Similarly, there was no real choice for the Americans even after Japan unleashed war on them on 7 December 1941 and then Hitler declared it four days later. They theoretically could have pursued a Pacific First policy, but General George C. Marshall rightly considered that while it would be relatively easy to defeat Japan after a German surrender, the opposite was not necessarily the case. Similarly the strategy whereby American forces first engaged German forces in North Africa, then Sicily, then Italy before finally squaring up to them in north-western France was effectively forced on the Joint Chiefs of Staff by the British, who vetoed any recrossing of the Channel before 1 May 1944, which for operational reasons had to be further postponed to 6 June. The clashes between the British and the American policy-makers over the timing of Operation Overlord were titanic, but both sides knew that without British consent the Normandy landings could not have been undertaken any earlier.

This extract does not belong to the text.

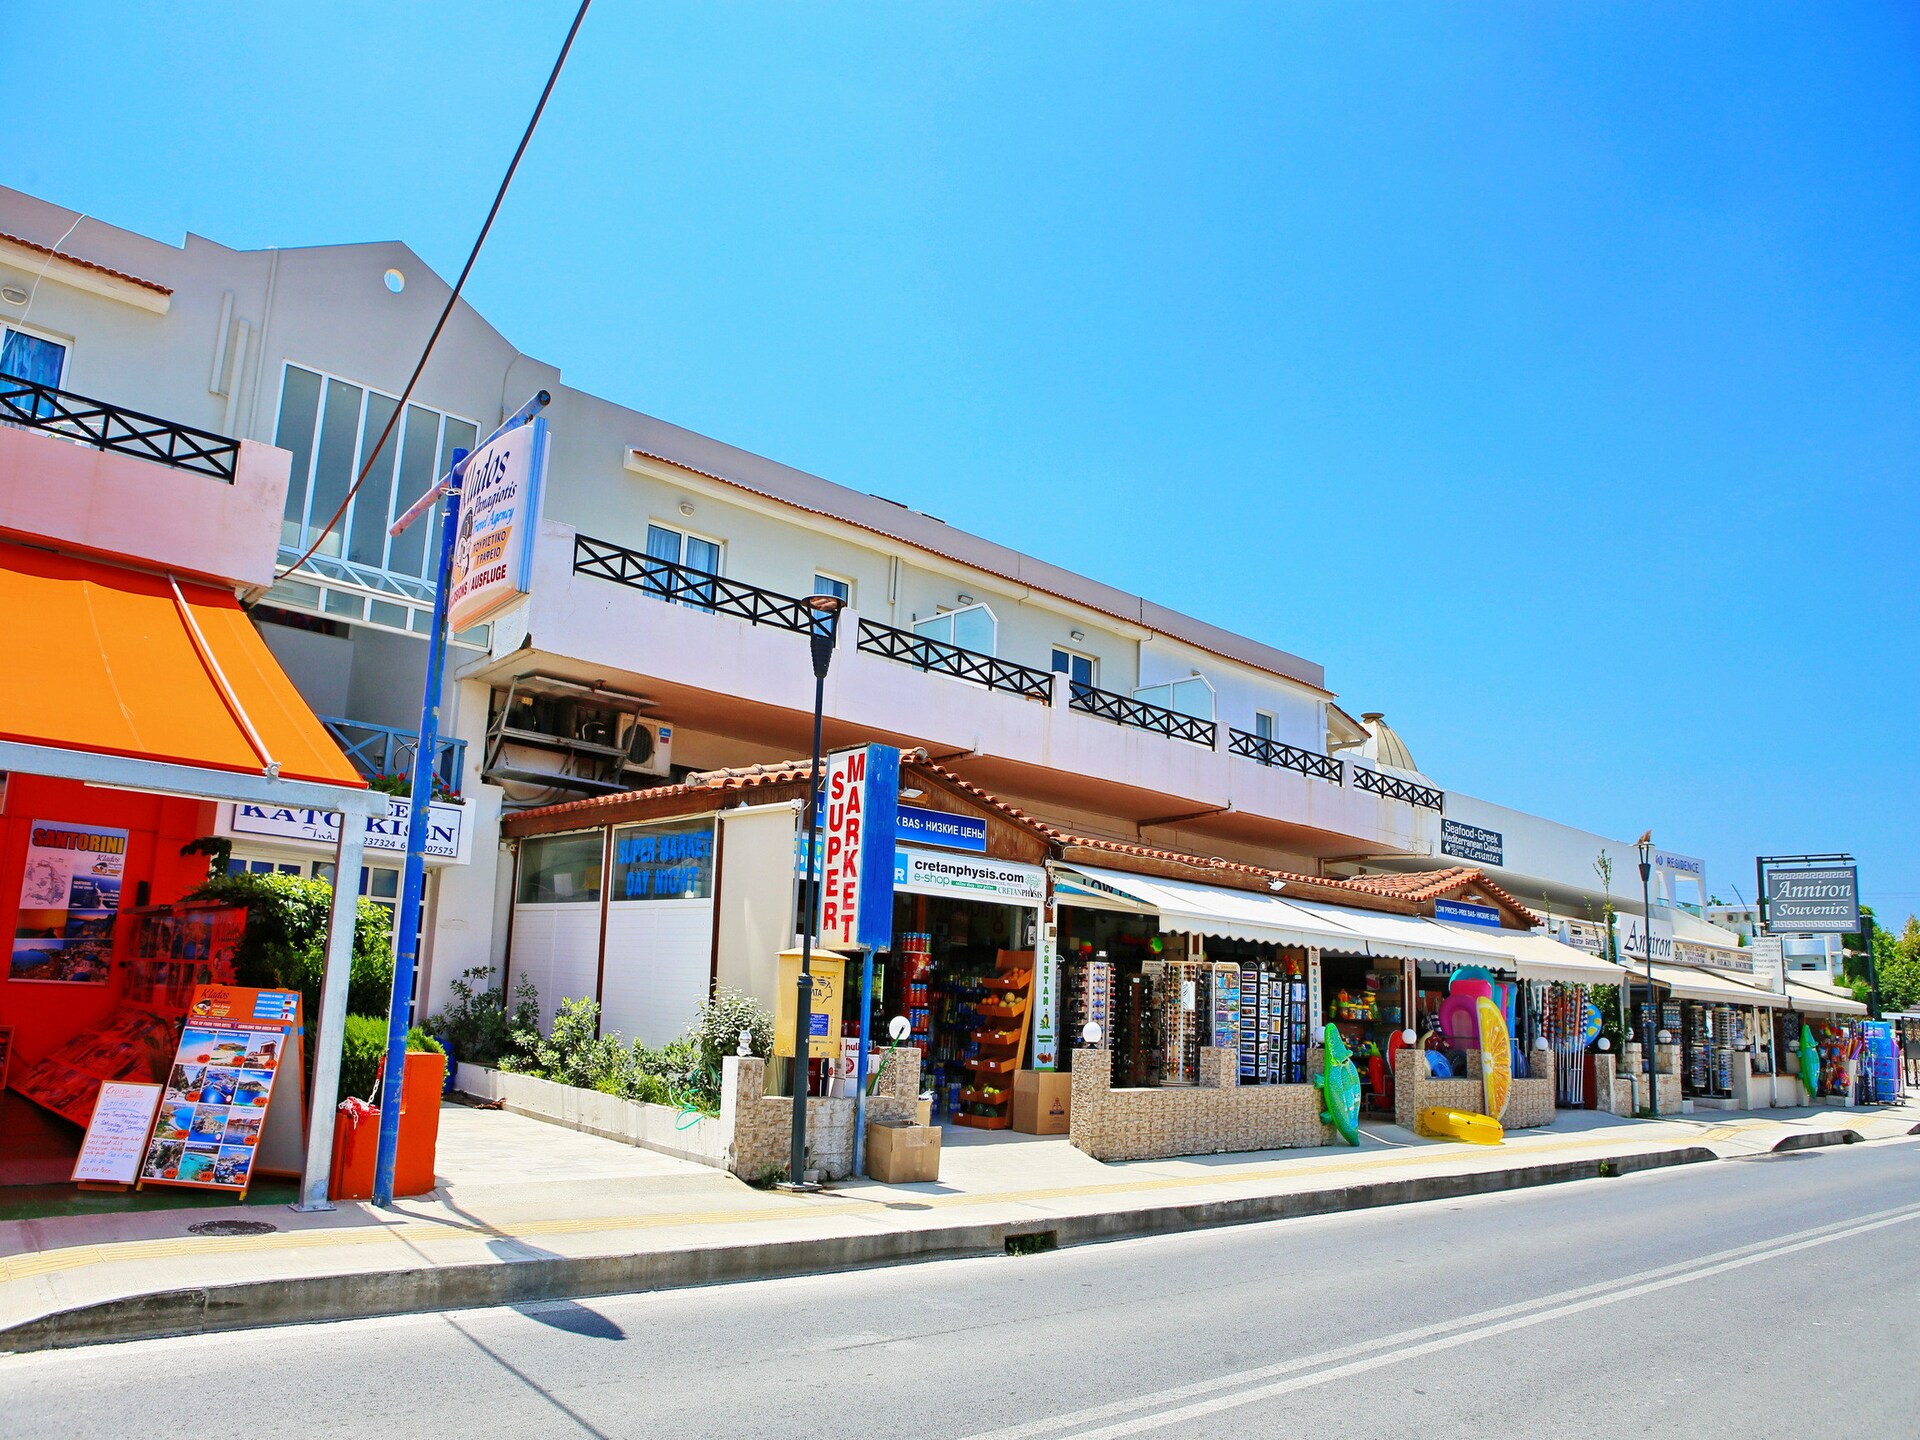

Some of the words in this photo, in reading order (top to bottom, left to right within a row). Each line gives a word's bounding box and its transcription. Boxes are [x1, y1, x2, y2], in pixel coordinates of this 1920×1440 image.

Nor should they have been. After the Germans introduced an extra rotor to the Enigma machine in February 1942, the Allied navies were plunged into the dark over Kriegsmarine movements in the battle of the Atlantic for almost a year. No landings in north-west Europe could be attempted with supply lanes at the mercy of the U-boat fleet. That battle was not won until May 1943, by which time a quarter of a million Germans had surrendered in Tunisia and plans were well under way for the invasion of Sicily. Marshall might have complained about being led ‘down the garden path’ by Brooke and Churchill, but at the Casablanca Conference of January 1943 there was no possibility of crossing the Channel in any significant numbers that year, as he had to acknowledge, and the war could not be simply suspended until enough men had been assembled in southern England for Overlord. Sicily followed Africa logically, just as Italy followed Sicily. What were not necessary were the long and costly campaigns north of Rome once Overlord had taken place, let alone the superfluous attack on the South of France in mid-August 1944.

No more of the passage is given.